◆ Task item
Would you transcribe each entry exactly as it stands, omitting the pictures?

++++ Data for the task

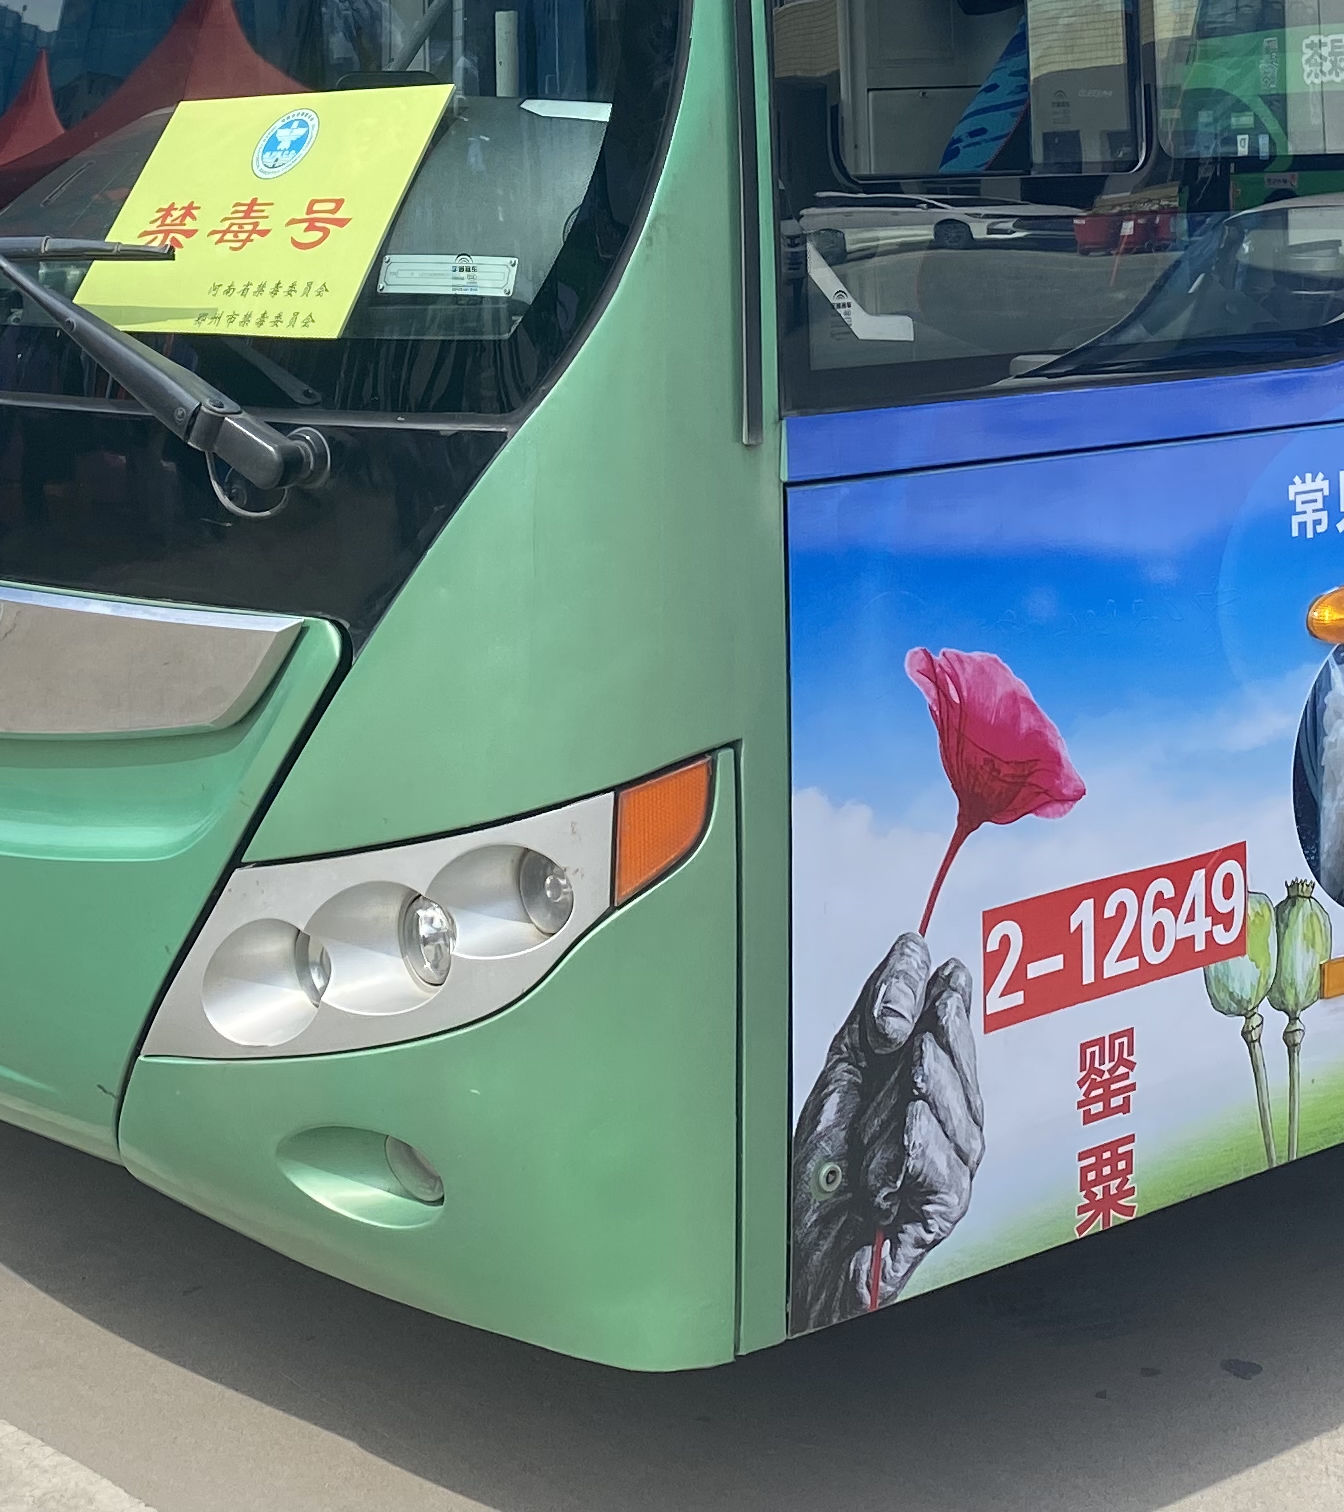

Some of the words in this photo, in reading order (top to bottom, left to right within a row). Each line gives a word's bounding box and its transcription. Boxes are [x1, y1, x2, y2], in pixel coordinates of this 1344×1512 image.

[136, 197, 353, 252] 禁毒号
[207, 281, 330, 298] 河南省禁毒委员会
[193, 310, 316, 329] 郑州市禁毒委员会
[985, 858, 1245, 1016] 2-12649
[1075, 1025, 1138, 1239] 罂粟

++++++++

◆ Task answer
Some of the words in this photo, in reading order (top to bottom, left to right within a row). Each line gives a word's bounding box and its transcription. Boxes are [x1, y1, x2, y2], in pixel coordinates of this 1344×1512 image.

[136, 197, 353, 252] 禁毒号
[207, 281, 330, 298] 河南省禁毒委员会
[193, 310, 316, 329] 郑州市禁毒委员会
[985, 858, 1245, 1016] 2-12649
[1075, 1025, 1138, 1239] 罂粟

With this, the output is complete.